- [THE RECORDS]:
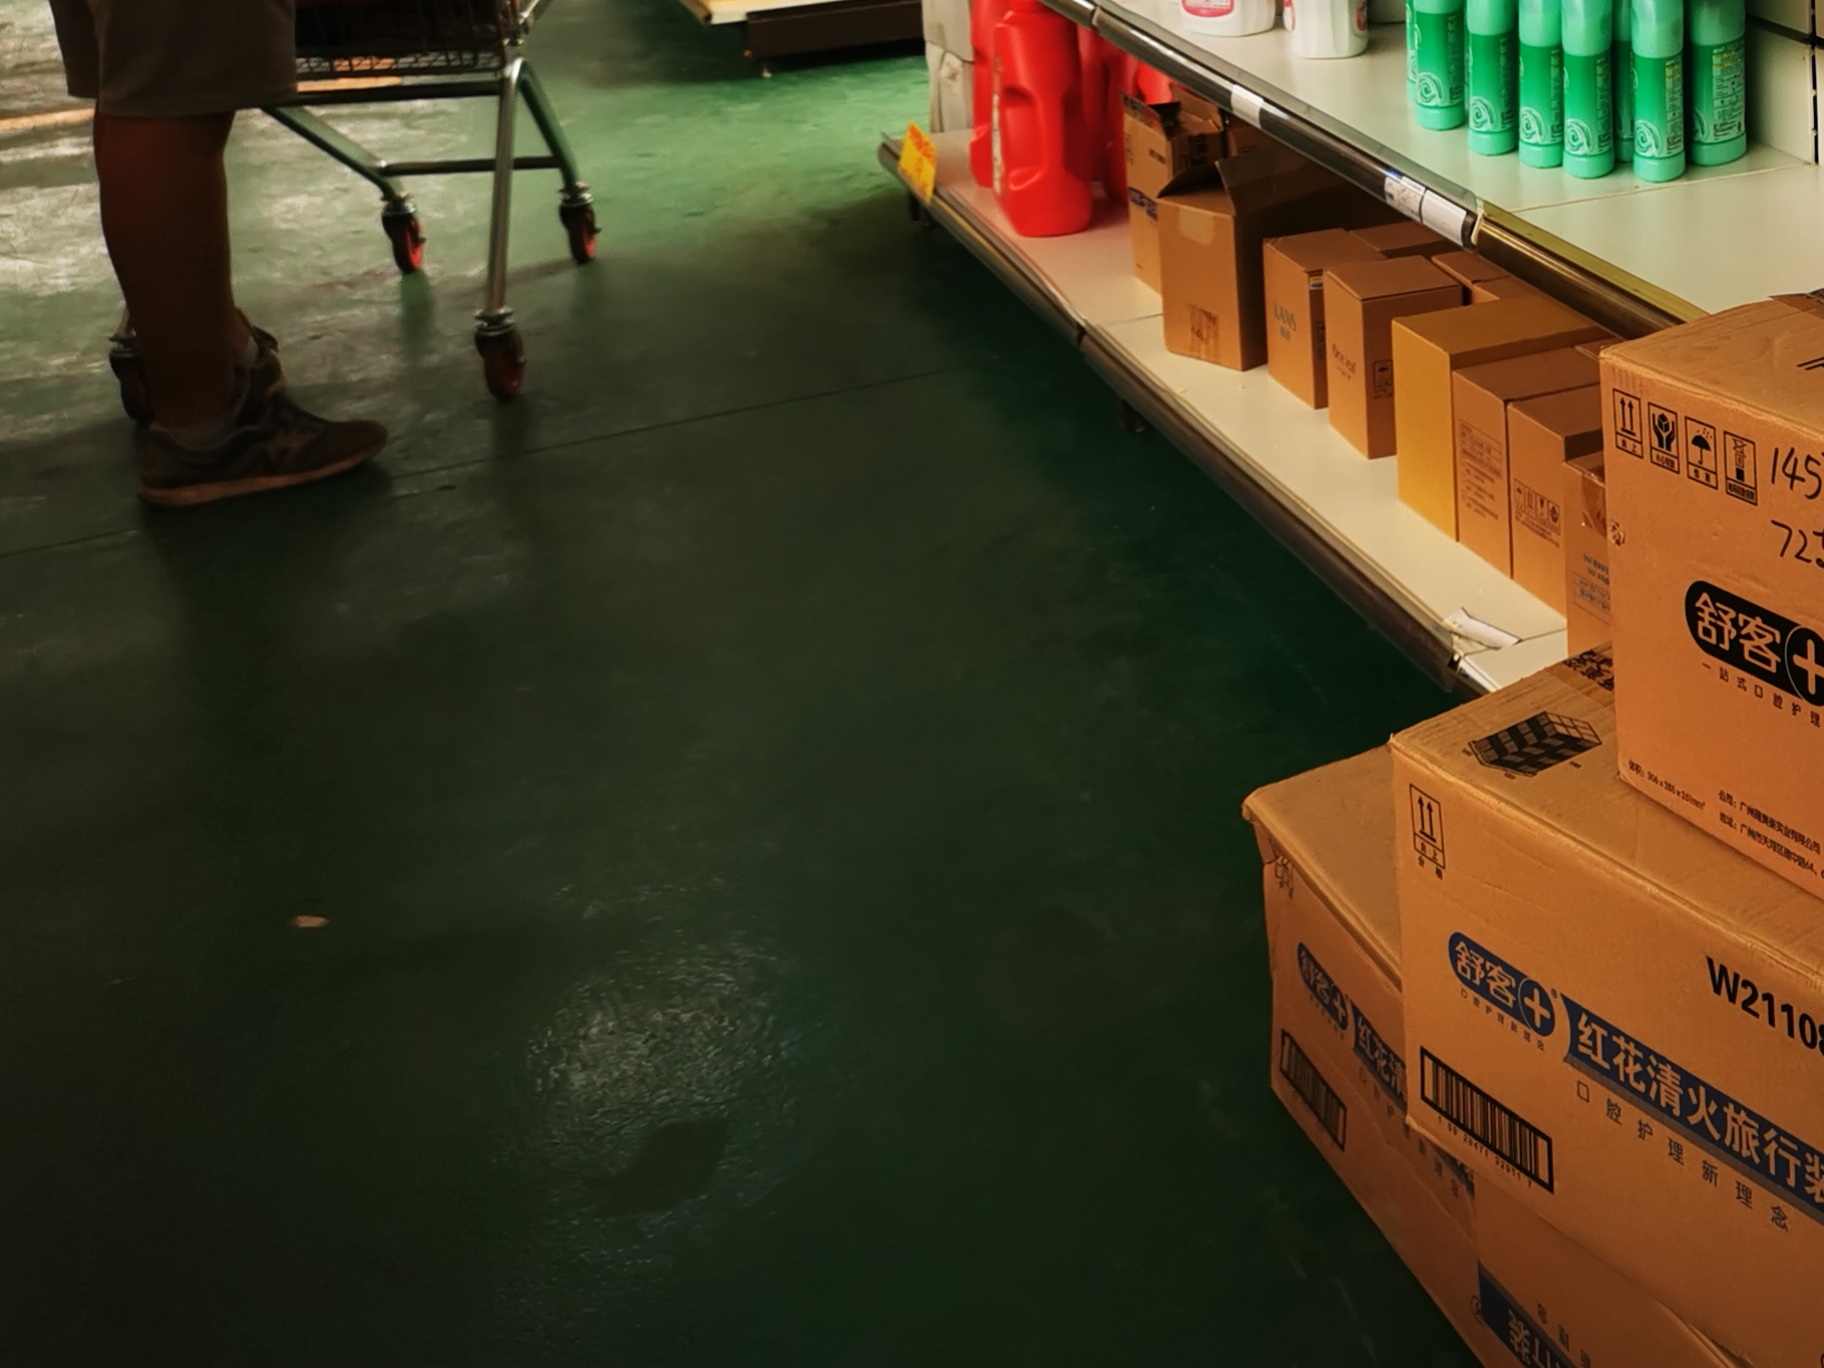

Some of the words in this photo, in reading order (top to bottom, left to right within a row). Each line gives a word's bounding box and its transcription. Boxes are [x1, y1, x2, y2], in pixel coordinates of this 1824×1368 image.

[1693, 590, 1782, 676] 舒客
[1703, 661, 1821, 729] 一站式口腔护理
[1455, 940, 1517, 1011] 舒客
[1576, 1079, 1790, 1233] 口腔护理新理念
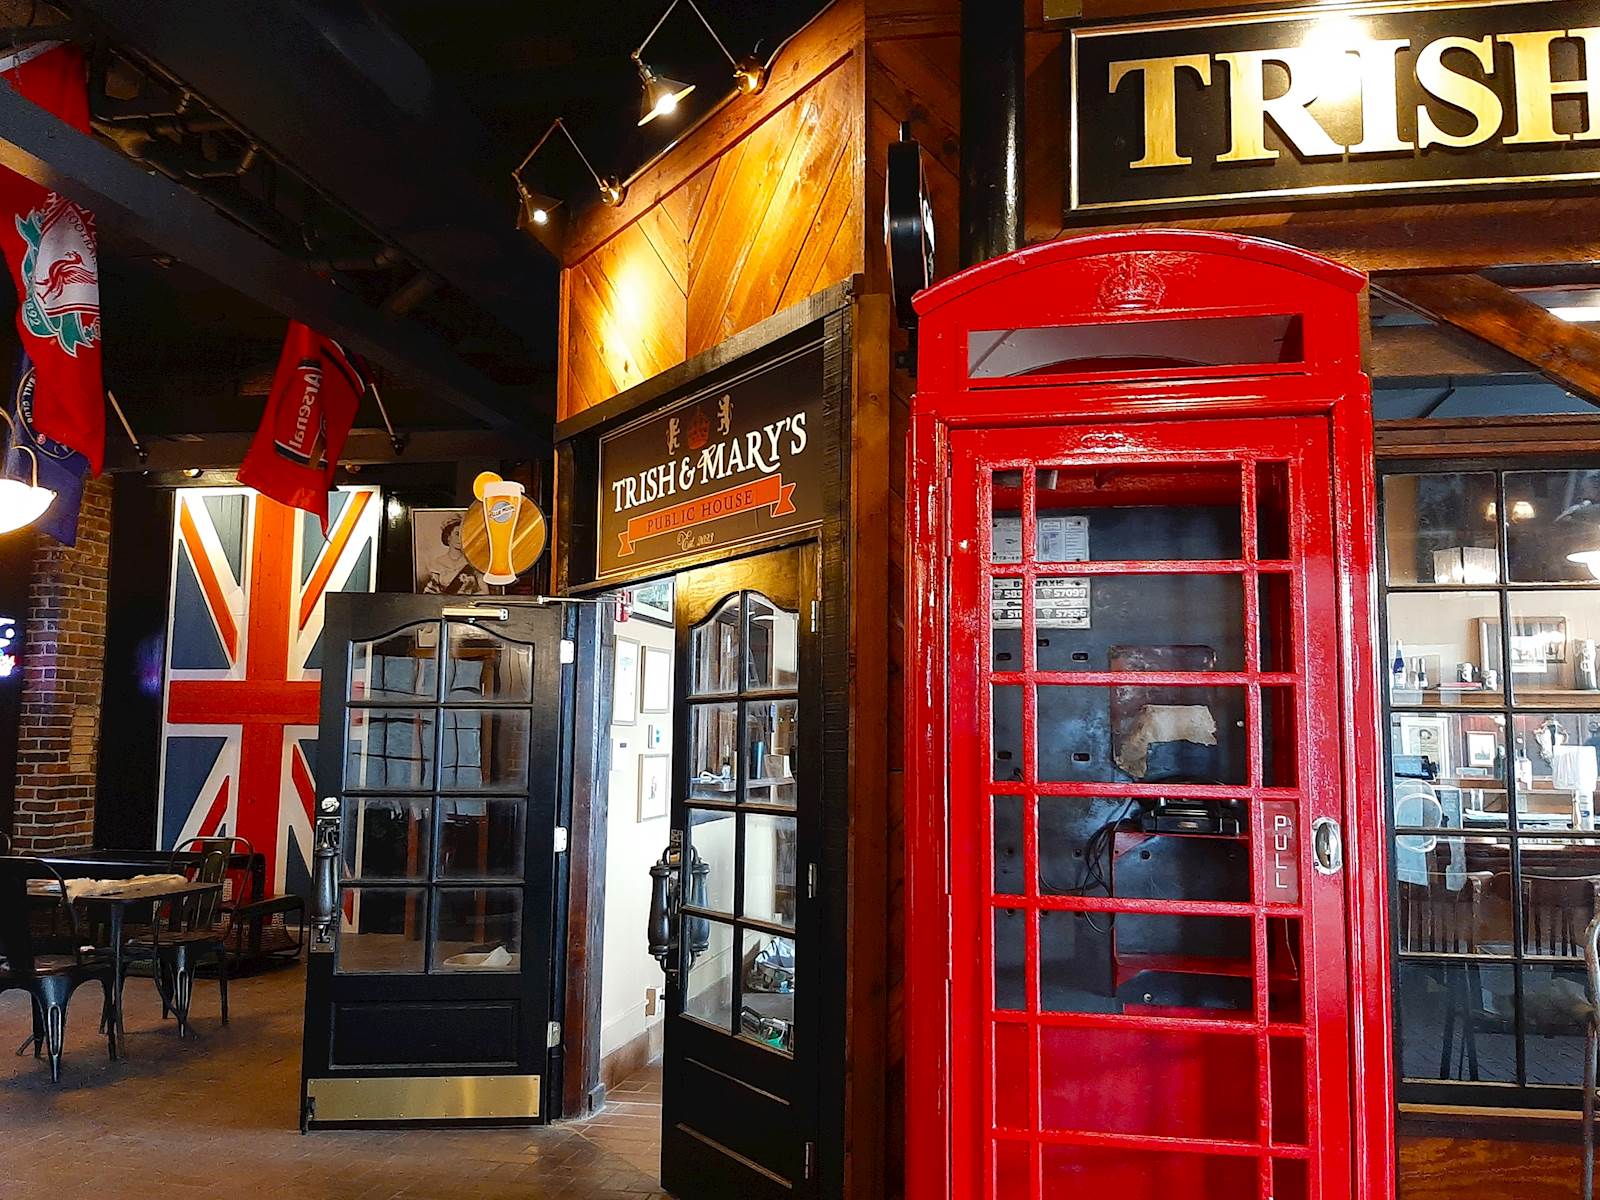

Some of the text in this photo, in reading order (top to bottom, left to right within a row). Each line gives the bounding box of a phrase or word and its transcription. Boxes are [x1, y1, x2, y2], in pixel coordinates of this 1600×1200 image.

[1108, 26, 1600, 170] TRISH
[22, 400, 34, 423] CLUB
[611, 411, 808, 513] TRISH & MARY'S
[647, 489, 754, 533] PUBLIC HOUSE
[1053, 588, 1087, 598] 57099
[1055, 608, 1087, 618] 57556
[1274, 815, 1289, 889] PULL

- [EXERCISE DETAILS]: Copy each line exactly, from the line containing "Some of the text" down to the last line of the material, and no other lines.

- [RESPONSE TO THE TASK]:
Some of the text in this photo, in reading order (top to bottom, left to right within a row). Each line gives the bounding box of a phrase or word and its transcription. Boxes are [x1, y1, x2, y2], in pixel coordinates of this 1600×1200 image.

[1108, 26, 1600, 170] TRISH
[22, 400, 34, 423] CLUB
[611, 411, 808, 513] TRISH & MARY'S
[647, 489, 754, 533] PUBLIC HOUSE
[1053, 588, 1087, 598] 57099
[1055, 608, 1087, 618] 57556
[1274, 815, 1289, 889] PULL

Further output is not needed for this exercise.